Round And Undulating
This hairstyle shape hugs the curves of the head. It’s great for framing a square face or rounding out a narrow one. The sides aren’t too short, and the texture is allowed to do its own thing. Lots of layers prevent it from getting flat. This haircut is not tapered as it gets closer to the neck.
Boyish Lop
You’ve probably had a haircut like this at some point in your life. The lucky thing is that you can have it back. This is the traditional childhood boy’s haircut. It works when you get older because your hair has that same thinness and texture again. Longer fringe in the front is worn to the side. If it’s not too thin, it will cover some of your receding hairline.
Tall, Dark And Handsome
This handsome look emphasizes dark hair. Lots of layers are cut into the thick top, and the sides are shorter but not faded. A little sprinkling of gray hair actually prevents this style from looking too uniform.
Short, Shiny Shave
If you’ve gone bald and you have a shiny dome, there’s not much you can do about it. Don’t let the hair around the edges grow too long. The thicker it is, the more it will contrast from your scalp. Cut it close to the head for a refined look that’s easy to maintain.
Curly, Off-Center Part
Curly, thin hair has an off-center part to give the illusion of volume.
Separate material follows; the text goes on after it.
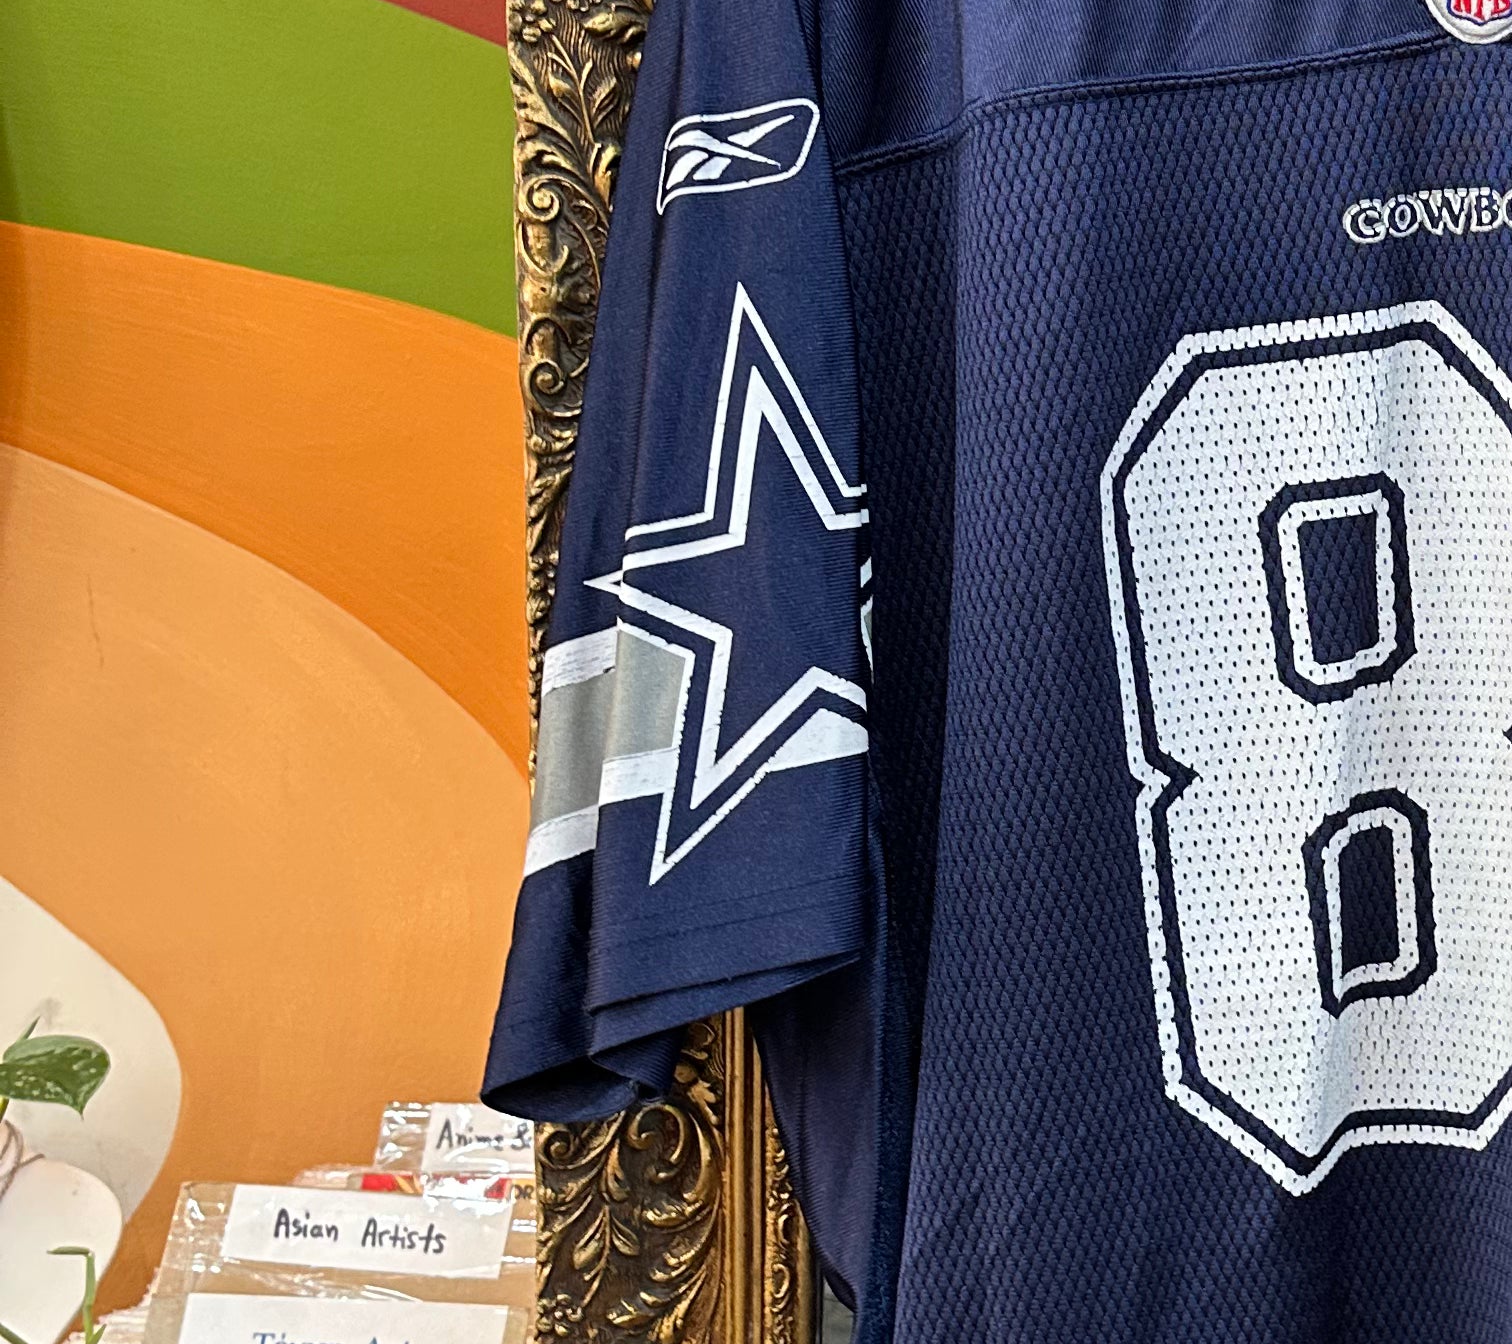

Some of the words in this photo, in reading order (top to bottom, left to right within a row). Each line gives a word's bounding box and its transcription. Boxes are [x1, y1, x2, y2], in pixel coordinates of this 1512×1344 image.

[436, 1118, 504, 1151] Anime
[273, 1208, 339, 1242] Asian
[361, 1218, 446, 1254] Artists
If you part the hair too far to the side, the top will look flat. A slight taper and sideburns that come to the center of the ear balance out this style.
Soft And Relaxed
A soft hairstyle with little taper works for thick hair that has lots of different colors in it.
Modern Spikes
Lots of texture works for older men’s hairstyles. Get the ends razored for this spiky effect.
Distinguished Mane
A medium-length cut is styled at a diagonal to bring out the distinguished widow’s peak and lighter temples. It’s a classic look that retains its youthfulness with a little bit of messiness.
What can you do to prevent thinning hair as you age? WebMD explains that there are some treatments that can help prevent hair loss. Others may even help hair grow back. You should probably get advice from a medical professional if you choose to go this route. You can avoid having to mess with hair growth products simply by getting the best hairstyles for older men.